Choroidal Melanoma: Ready Reckoner for the Postgraduates

Dr. Isha Agarwal
Dr. Vikas Khetan
Published Online: April 1st, 2021 | Read Time: 22 minutes, 22 seconds


Uveal melanoma is the most common primary intraocular malignant tumor in adults [1]. Second most common type of primary malignant melanoma after cutaneous melanoma. It arises from neuroectodermal melanocytes within the uveal tissue.


There is strong racial variation in the incidence, with the white population most commonly affected. The mean age-adjusted incidence of uveal melanoma in the United States is 5.2 per million per year [2]. Males had a significantly higher age-adjusted incidence of 6.0 per million population compared to females, where the average age-adjusted incidence was 4.5 [3].

Malignant melanoma of the choroid is rare in dark pigmented races and has been reported infrequently in the Asian Indian population.[4] Ultraviolet (UV) radiation has been suggested as a major cause of malignant melanoma of the skin and uvea[5] because of the increased incidence and mortality among Caucasians living in tropical regions, where solar radiation is more intense.[5]
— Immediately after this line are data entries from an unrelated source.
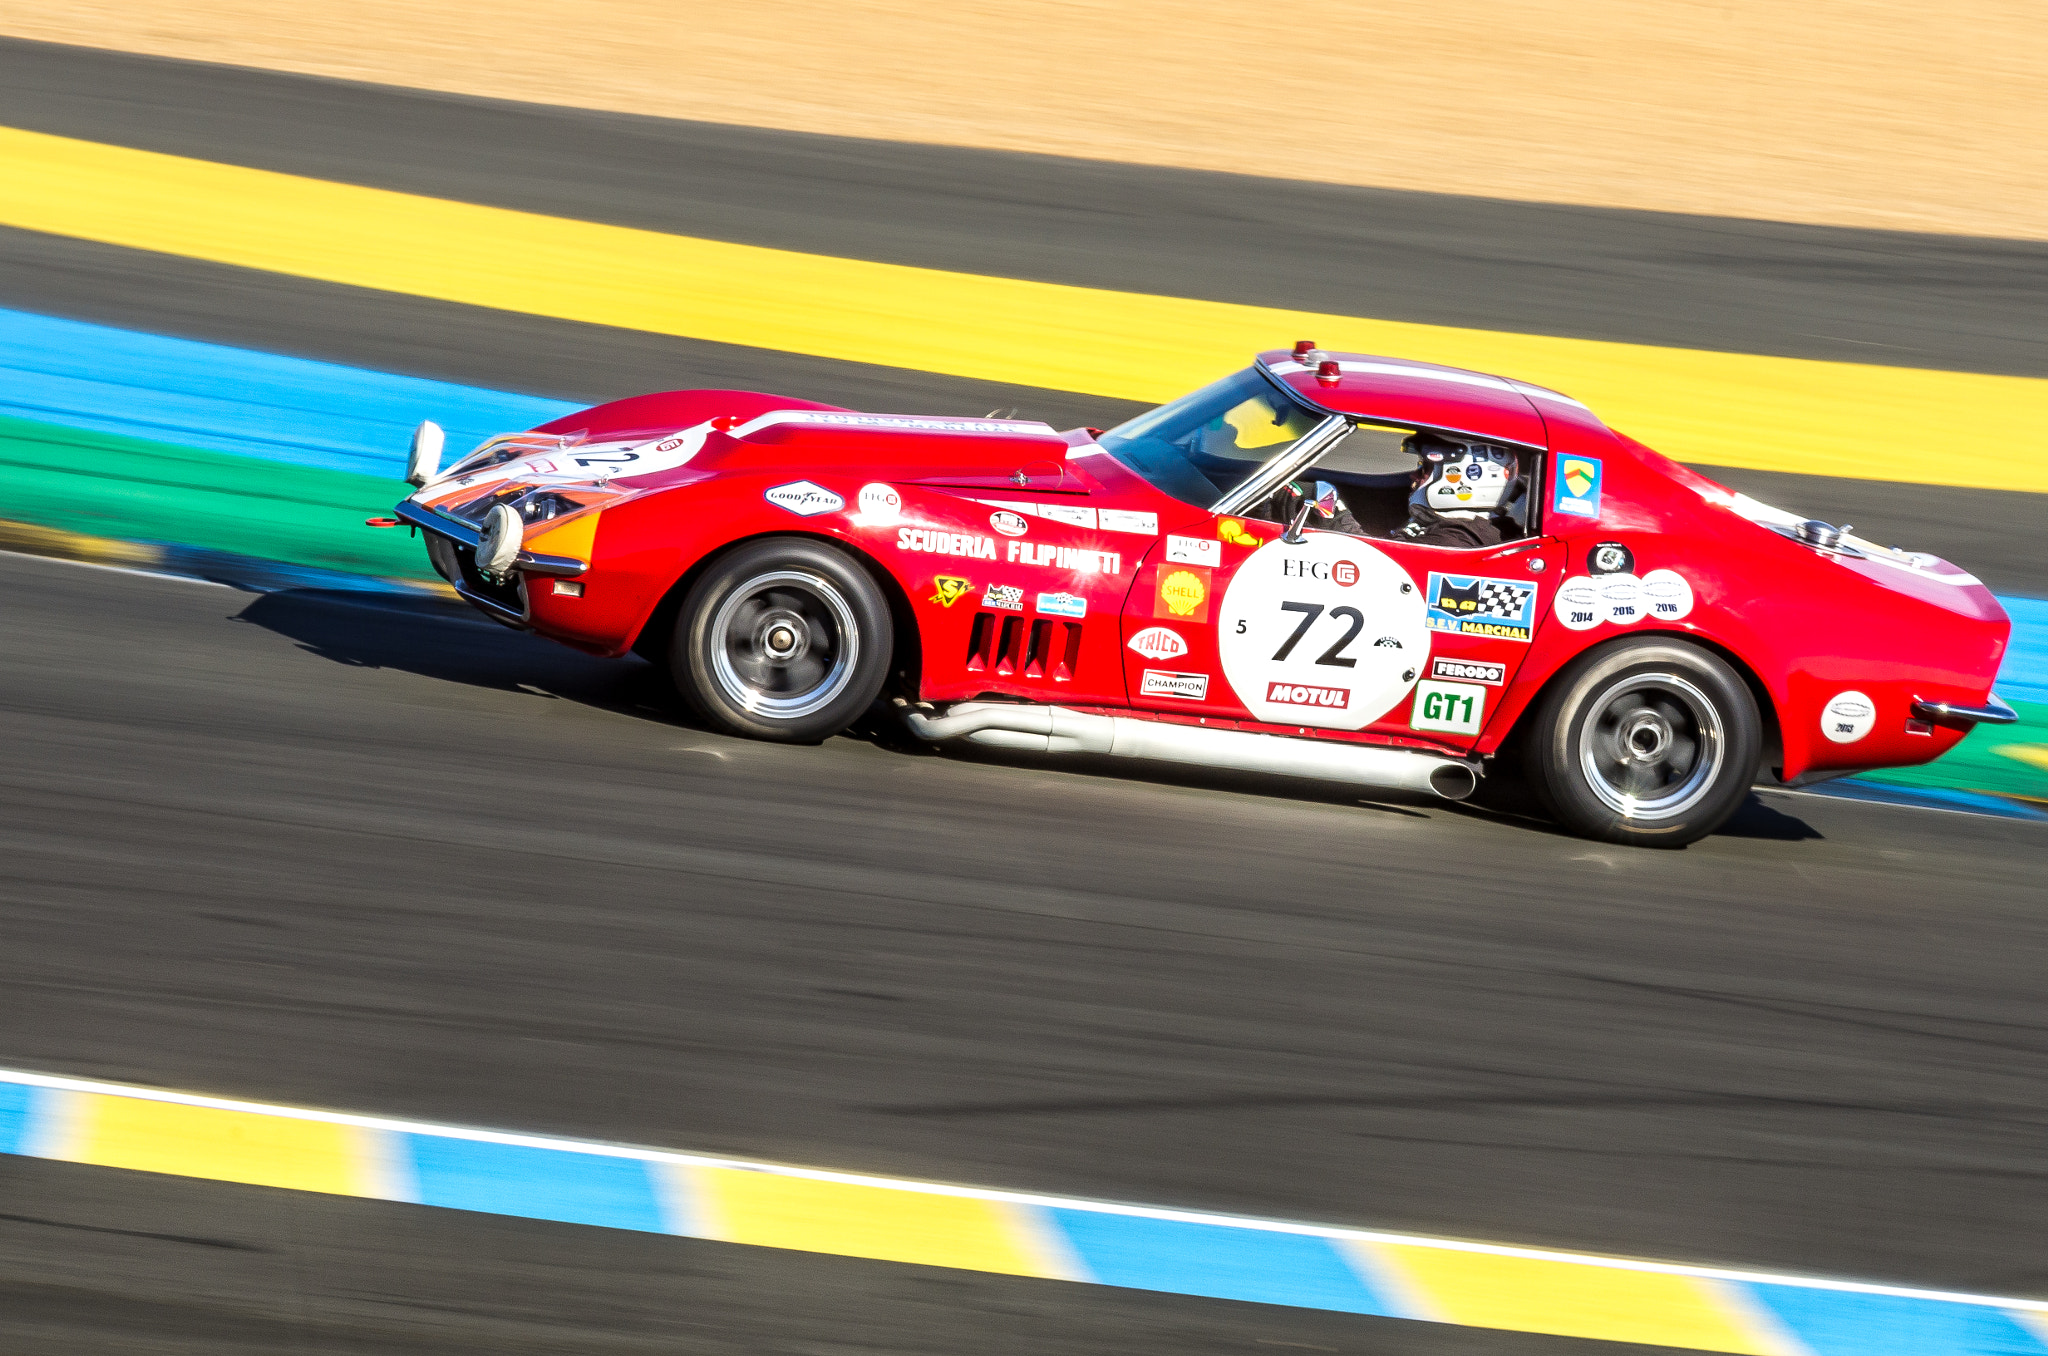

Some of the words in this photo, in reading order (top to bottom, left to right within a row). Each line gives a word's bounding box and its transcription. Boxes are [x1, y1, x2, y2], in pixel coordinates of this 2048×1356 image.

[897, 528, 997, 560] SCUDERIA
[1283, 558, 1329, 580] EFG
[1166, 585, 1200, 599] SHELL
[1570, 612, 1594, 623] 2014
[1613, 606, 1635, 616] 2015
[1656, 603, 1678, 613] 2016
[1236, 619, 1247, 634] 5
[1271, 601, 1364, 668] 72
[1426, 617, 1460, 631] S.E.V.
[1461, 621, 1528, 639] MARCHAL
[1137, 631, 1179, 653] TRICO
[1437, 663, 1499, 680] FERODO
[1147, 679, 1203, 691] CHAMPION
[1269, 685, 1345, 707] MOTUL
[1423, 692, 1474, 723] GT1
Most choroidal melanomas have been diagnosed in white patients over 50 years of age.[4, 11] In the Collaborative Ocular Melanoma Study, 1302 patients eligible for the study had a mean age of 60.2 years. Only 14% of patients were below 50 years of age. [6] Melanoma of the choroid usually presents as a dome shaped or mushroom shaped pigmented mass with secondary retinal detachment. Such lesions can be diagnosed by indirect ophthalmoscopy and ultrasonography. Diffuse malignant melanoma is a rare variant with a flat growth pattern with thickness of 20% or less than the greatest basal dimension.

Pre Disposing Factors

Weis et al. [7] provided a meta-analysis of all published reports on host factors for uveal melanoma and found that light eye color, fair skin color, and inability to tan were risk factors for the development of uveal melanoma. Shah et al. [8] investigated the environmental factors and found that intermittent ultraviolet exposure to arc welding was a significant risk factor.

Two important factors for the development of uveal melanoma are the presence of a pre-existing choroidal nevus and the presence of congenital ocular/oculodermal melanocytosis, also termed ‘nevus of Ota’.

Clinical Characteristics

Choroidal melanoma generally manifests with symptoms of persistent photopsia (flashes), floaters, visual field loss, or visual acuity loss or it can be asymptomatic. Occasionally, there are sentinel vessels if the tumor involves the ciliary body.

Choroidal melanoma is pigmented in 55%, non-pigmented in 15%, and mixed pigmented or non-pigmented in 30% [21]. (Image 1) Choroidal melanoma appears in one of three configurations- dome (75%), mushroom (20%), or diffuse (5%). A lesion may penetrate bruchs membrane and the retinal pigment epithelium with herniation into the subretinal space, assuming the shape of collar stud.

Figure 1:Dome-shaped pigmented melanoma with a smooth surface

Choroidal melanoma appears as a solitary elevated subretinal, without retinal feeder vessels, and often producing retinal detachment. Occasionally, vitreous hemorrhage can develop, obscuring the view of the tumor, requiring ultrasonography. Other signs can include choroidal folds, rubeosis iridis, secondary glaucoma and cataract.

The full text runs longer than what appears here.